Cass. com. 24 novembre 2015, n° 14-14.924

Les faits

Une société allemande a résilié avec un préavis de  8 mois un contrat de distribution sur le territoire français qui la liait à ne une société française depuis plus de 20 ans. Le distributeur a assigné le fournisseur devant le tribunal français pour rupture abusive d’une relation commerciale établie, sur le fondement de l’article L. 442-6, I, 5° du Code de commerce. Les juges de première instance ont accueilli favorablement sa demande en déterminant qu’un préavis de 2 ans aurait dû être donné et ont condamné le fournisseur au paiement de 2 900 000 euros à titre de dommages et intérêts.

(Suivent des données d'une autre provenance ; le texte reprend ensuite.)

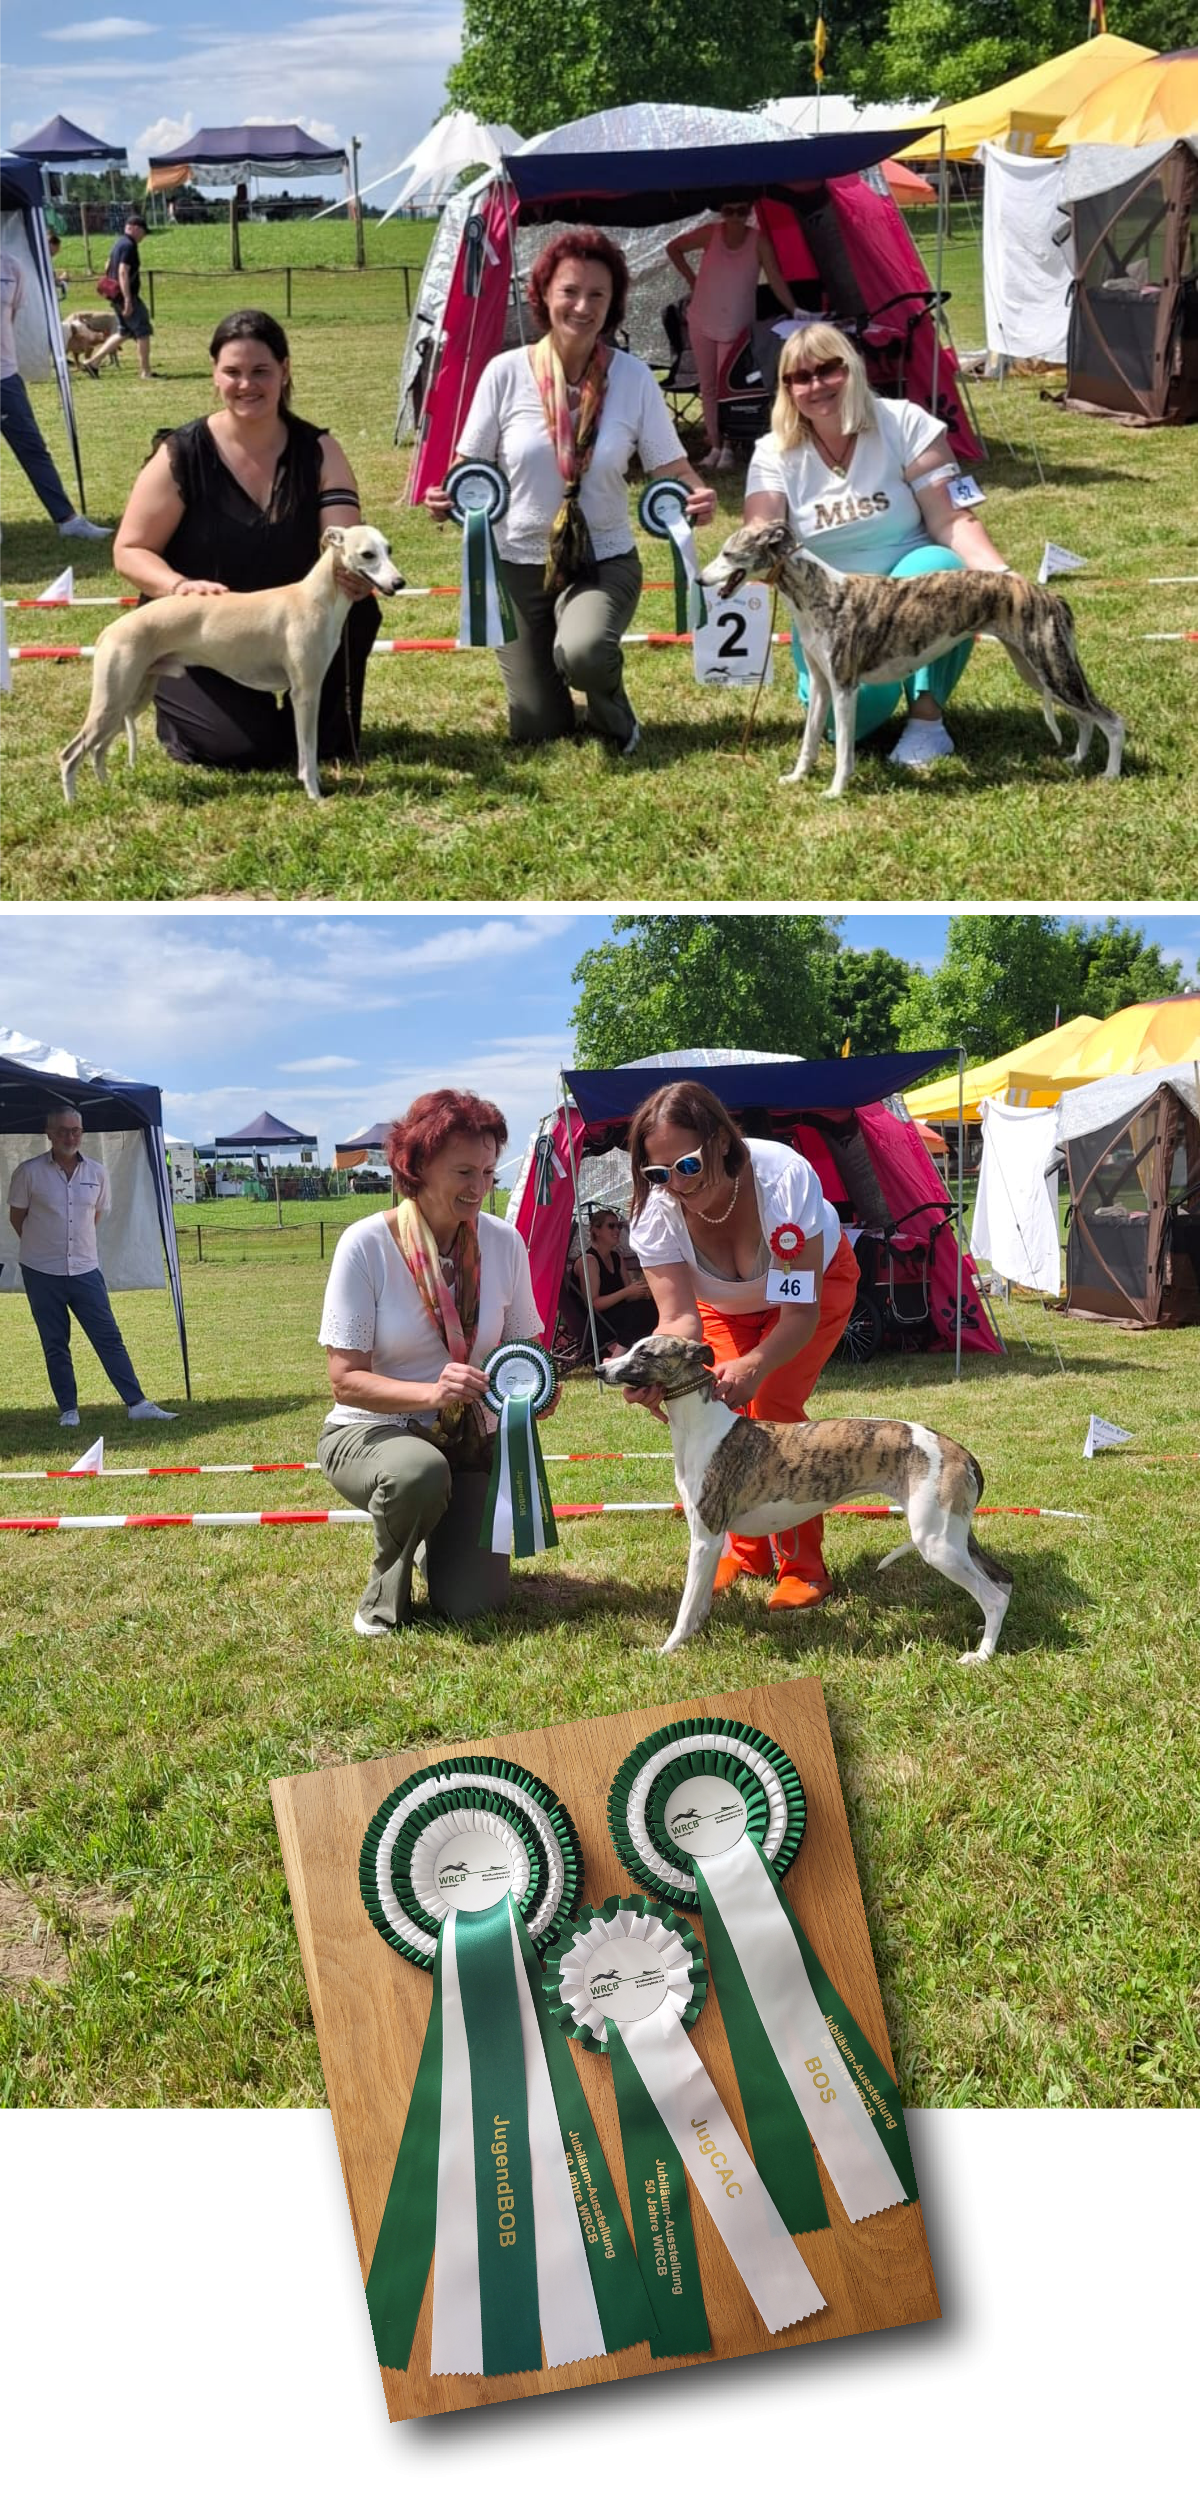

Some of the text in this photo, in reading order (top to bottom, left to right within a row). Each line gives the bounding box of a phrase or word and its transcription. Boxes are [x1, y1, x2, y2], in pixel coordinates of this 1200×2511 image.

Le fournisseur a fait appel de cette décision alléguant que les parties avaient convenu de la compétence des tribunaux de Munich sur base de la mention « Gerichtstand München » (tribunal compétent de Munich) figurant au bas de ses factures et qui n’avait pas été contestée par le distributeur. Il a demandé au juge de se déclarer incompétent au profit des juridictions allemandes.

La Cour d’appel de Versailles a considéré qu’en l’espèce il n’y avait pas eu d’accord sur l’attribution de compétence, au motif qu’elle n’avait pu être valablement portée à la connaissance du distributeur – et donc qu’elle n’avait pu être acceptée par ce dernier – car elle apparaissait en bas des factures, en langue allemande, en petits caractères et au milieu des coordonnées du fournisseur.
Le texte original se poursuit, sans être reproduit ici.